Veliko Tarnovo is a really beautiful little town in northern central Bularia. It was once the capital of Bulgaria, but today it is primarily a university town, with four different institutions providing various types of tertiary education. The town is situated on three or four hills, and it has an “old town” with beautifully restored remnants of various periods and empires. On one of the hills is an incredibly imposing and impressive medieval fortress and castle, Tsarevets. The old remnants and monuments and churches are what most tourists and visitors come to see.
In the guest house I am staying at there is a brochure on the notice board suggesting a trip to visit something different – the communist UFO building. I’m intrigued, and ask the staff about it. They respond that it is also a monument, but of a more recent period, and there is simply no explaining what it is, “you just have to see it for yourself”.
Well, nothing could possibly have prepared me for this amazing building. It is located in what appears to be the middle of nowhere on the top of a mountain, overlooking the Valley of Roses. In fact it is a very important site – many hundreds of Russians and Bulgarians died here, resisting the final Ottoman onslaught. Construction was completed in 1981, and the building was officially opened on the 1300th anniversary of the founding of Bulgaria. It was built as a monument and communist conference centre, with construction of the UFO shaped [yes, really UFO shaped] building taking seven years and costing more than eight million Euro at the time – probably the entire GDP of Bulgaria and then some. The huge tower at the back had a massive back-lit red star at it’s very top – supposedly a symbol that could be seen all the way to Turkey. Rumour had it that the red was actually ruby.
Absolutely no expense was spared for the external appearance and interior of the building – white marble walls and a huge auditorium with white marble, heated seating. Black marble floors, red velvet covering other walls and ceilings. And the most unbelievable mosaics, depicting all manner of communist glory and propaganda, covering the entire circumference of the internal and external walls on the second and third floors. And other amazing mirror and crystal things, including apparently massive crystal chandeliers.
It was in use for only a few years – urban legend has it that it was only actually used six times – before the communist era [momentarily] ended in Bulgaria, and Russia and Bulgaria were no longer friends – and this is when locals descended. The entire building has been completely gutted and destroyed, with locals carrying off anything that might be of any value. Leaving behind nothing but trash and rubble, strewn simply everywhere. It’s incredibly dark in places, even with torches, and we need to step very carefully to avoid sharp shards of marble and glass and other rubble.
But the most extraordinary thing is what the looting revealed. The actual internal structure of the building was so poorly constructed it is a building that was never going to withstand the test of time. When locals came in to cart off the marble, instead of having to use pick axes to pry it off the walls and floors, it literally peeled away in sheets with a few taps of a hammer. And the steel and concrete used in the frame of the building is of such poor quality that after only six years it was already rusting and falling apart. There are massive holes that you can see have been patched up with sheets of newspaper apparently coated in something like liquid nails. It is truly spooky wandering around, with a constant drip drip drip of water, and in fact huge pools of water all over the place, bringing to mind post-apocalyptic impressions and complete amazement. How many people were going hungry as this incredible edifice was taking shape? Who thought it was a good idea to use glue and string and bits of paper to support monumental marble staircases and seating arrangements? What madness is required to create such a place?

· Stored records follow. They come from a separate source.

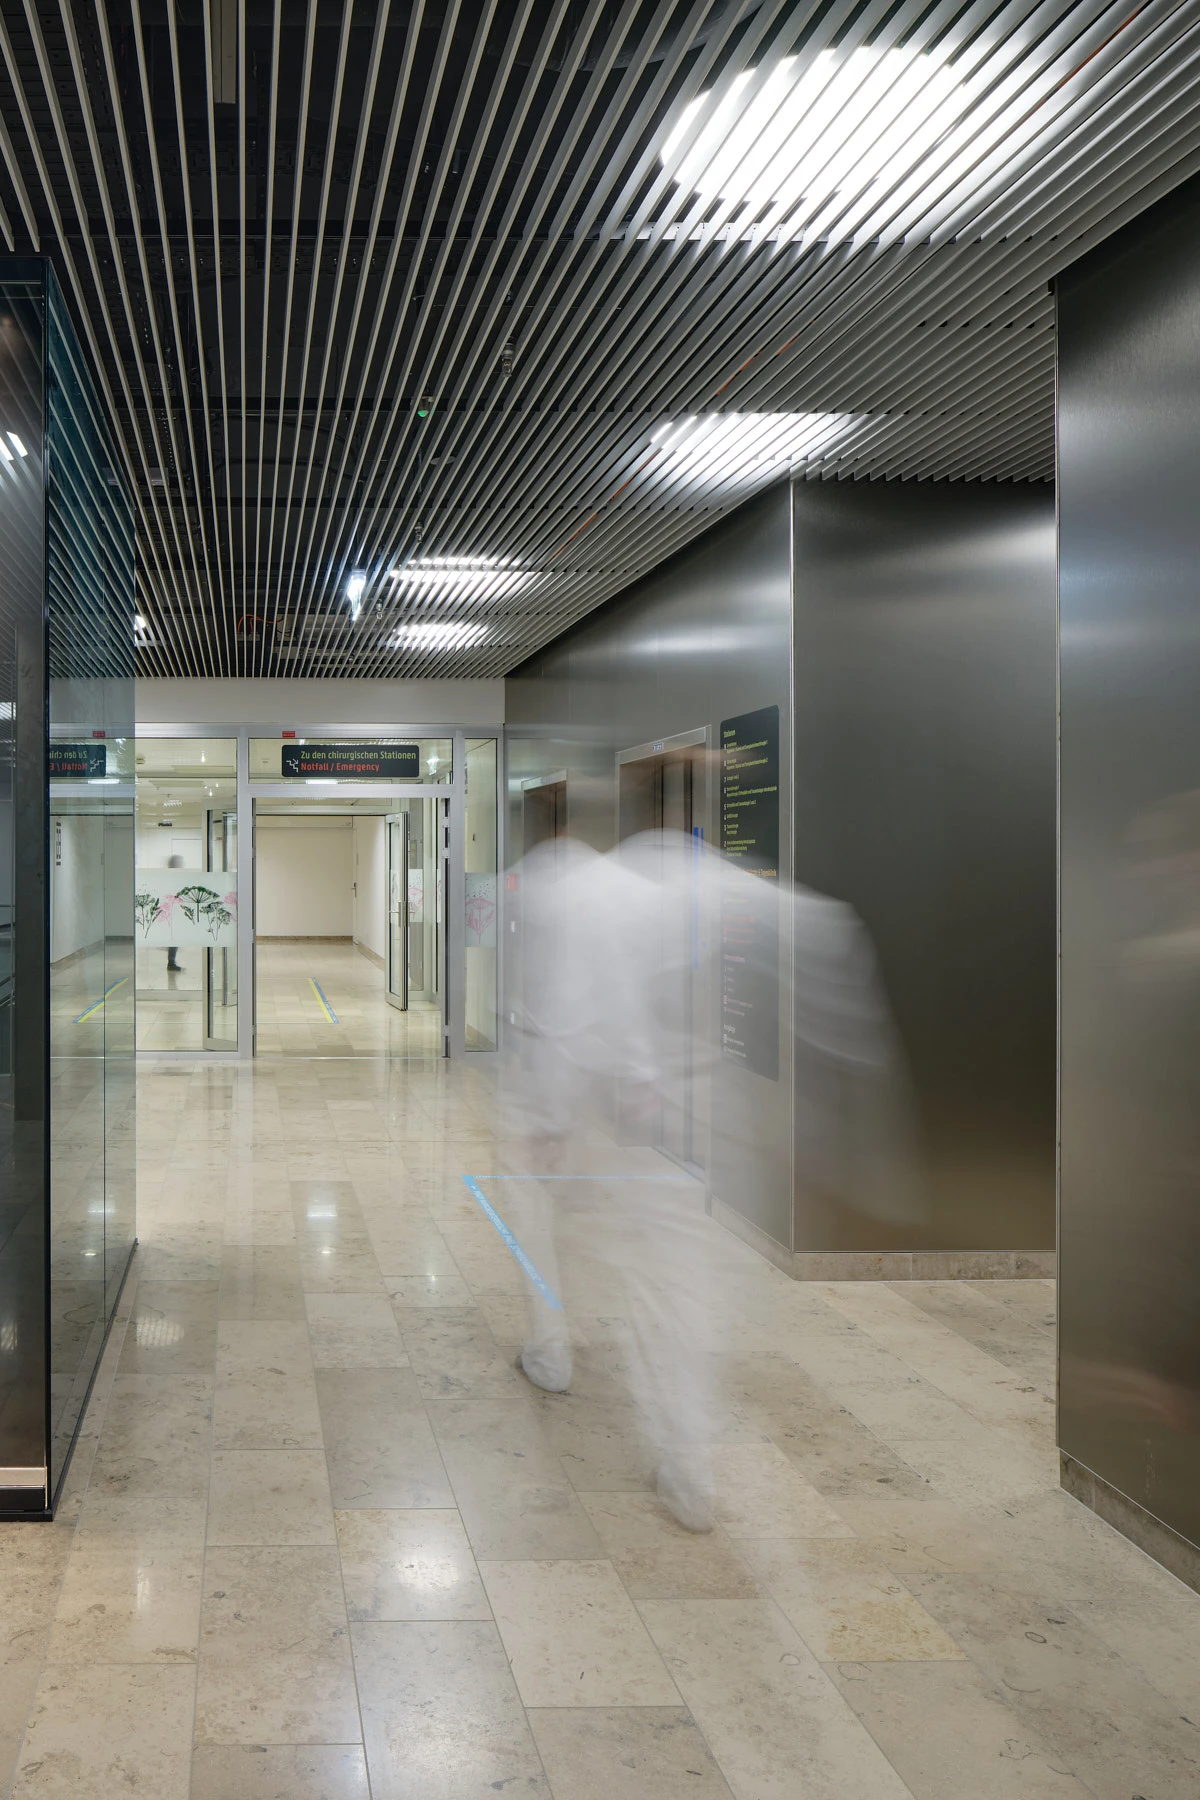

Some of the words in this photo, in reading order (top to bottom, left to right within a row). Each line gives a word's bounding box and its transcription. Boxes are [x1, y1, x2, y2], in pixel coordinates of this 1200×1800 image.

[301, 751, 311, 759] Zu
[312, 750, 326, 759] den
[328, 750, 378, 761] chirurgischen
[380, 750, 417, 759] Stationen
[301, 762, 329, 771] Notfall
[330, 762, 335, 772] /
[336, 762, 380, 772] Emergency

Today, the building is supposed to be off-limits – but of course many people including locals still come here. It is simply a case of prising open the bits of mesh that are supposed to block entry. All that really remains in-tact are some of the mosaics – of no material value to the locals – of Karl Marx, Lenin, the previous Bulgarian president, and a few communistic propaganda scenes of the workers. But these too will soon be gone, the roof structure has almost collapsed in on itself, and it will only take another season or two for the entire internal aspect of the building to be completely exposed to the weather.
As you ascend the massive concrete steps – once completely covered in black marble – to the entrance of the building, you are confronted with huge red graffiti above what were the giant sized entry doors – FORGET YOUR PAST. I couldn’t help but think no, don’t forget your past, keep this building as a reminder.